Shelter finds way to stay open

June 28, 1995|By Jackie Powder | Jackie Powder,Sun Staff Writer

The county's emergency overnight shelter in Westminster, which was in jeopardy of closing Friday because of a lack of funds, will remain open with reduced hours and services, officials said.

The staff at Human Services Programs Inc., the nonprofit agency that runs the shelter, has put together a bare-bones budget of $67,000 to keep the shelter going for another year, said Deputy Directpr Lynda Gainor.

Beginning next week, the shelter will cut back its hours. It will be open from 6:30 p.m. to 6:30 a.m. weekdays instead of 3 p.m. to 10 a.m., Ms. Gainor said. On weekends, the shelter will be closed.

Ms. Gainor said the shelter was the only public facility open to the homeless on weekends.

"Six-thirty to six-thirty is not adequate, but it gets us by," she said.

The staff at Human Services Programs put together the $67,000 budget by combining portions of state and county money allocated for the overnight shelter in the winter months and the county's men's shelter, which the agency also operates.

The budget covers only the salaries of the shelter staff. It include the cost of linens, towels, coffee, tea and soup -- all of which have been provided to shelter residents.

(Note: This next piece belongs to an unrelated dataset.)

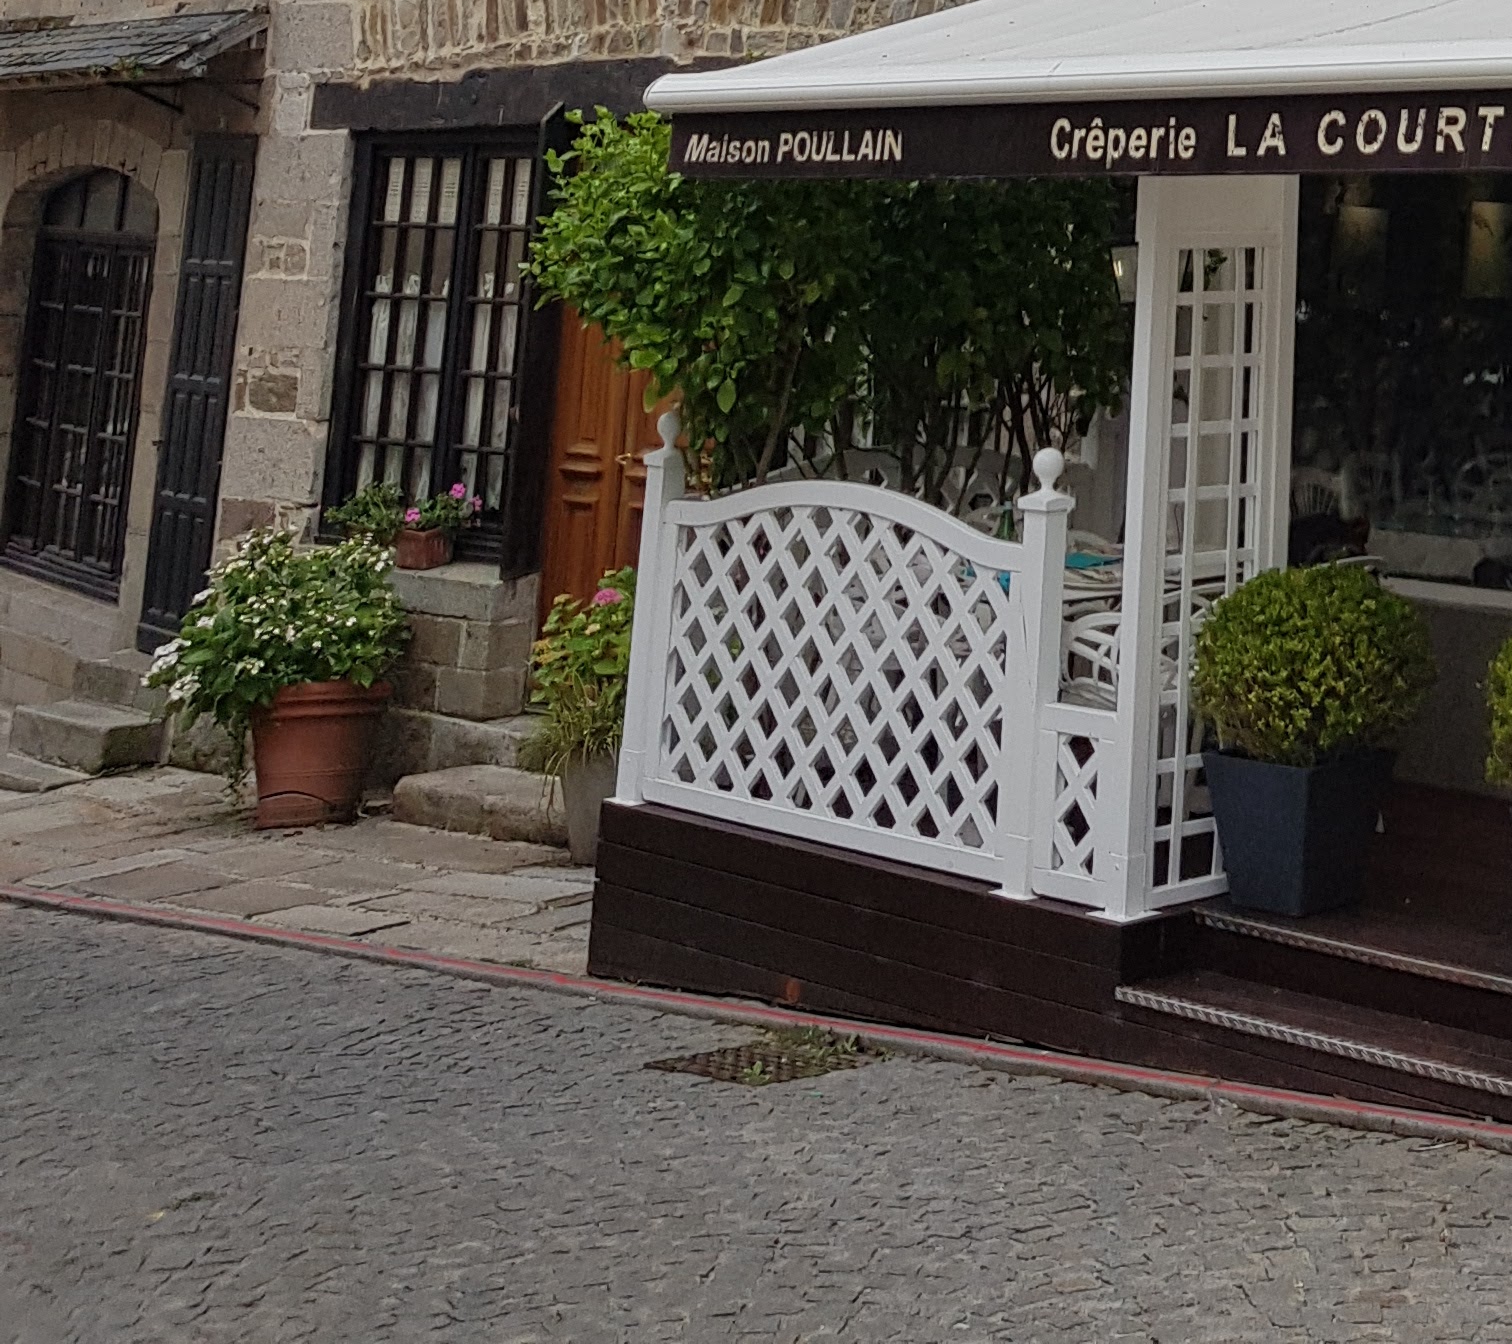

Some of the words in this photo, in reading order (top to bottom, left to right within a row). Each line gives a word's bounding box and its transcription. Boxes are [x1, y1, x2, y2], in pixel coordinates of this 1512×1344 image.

Human Services Programs may not have to use its scaled-back budget if it receives a federal grant to continue operating the shelter and to expand services. The agency applied for a $1,047,156 grant from the U.S. Department of Housing and Urban Development, and may learn by the end of the month whether it was approved.

Situated at 540 Washington Road, the shelter serves an average of 15 people each night. It differs from the three other homeless shelters run by Human Services Programs in that residents don't have to meet certain requirements to stay there.

At the other shelters, participants are expected to go to work, to go to school or to obtain drug counseling.

The overnight shelter is the former site of Shoemaker House, the county's residential center for treating addictions. Human Services Programs took over the shelter in November after Shoemaker House moved to a building at the Springfield Hospital Center in Sykesville.

Originally the shelter was open only during the winter, but Human Services Programs determined that it needed to be open all year.

The county funded the center's operation the past year, but allocated a minimal amount for fiscal 1996, which begins Saturday.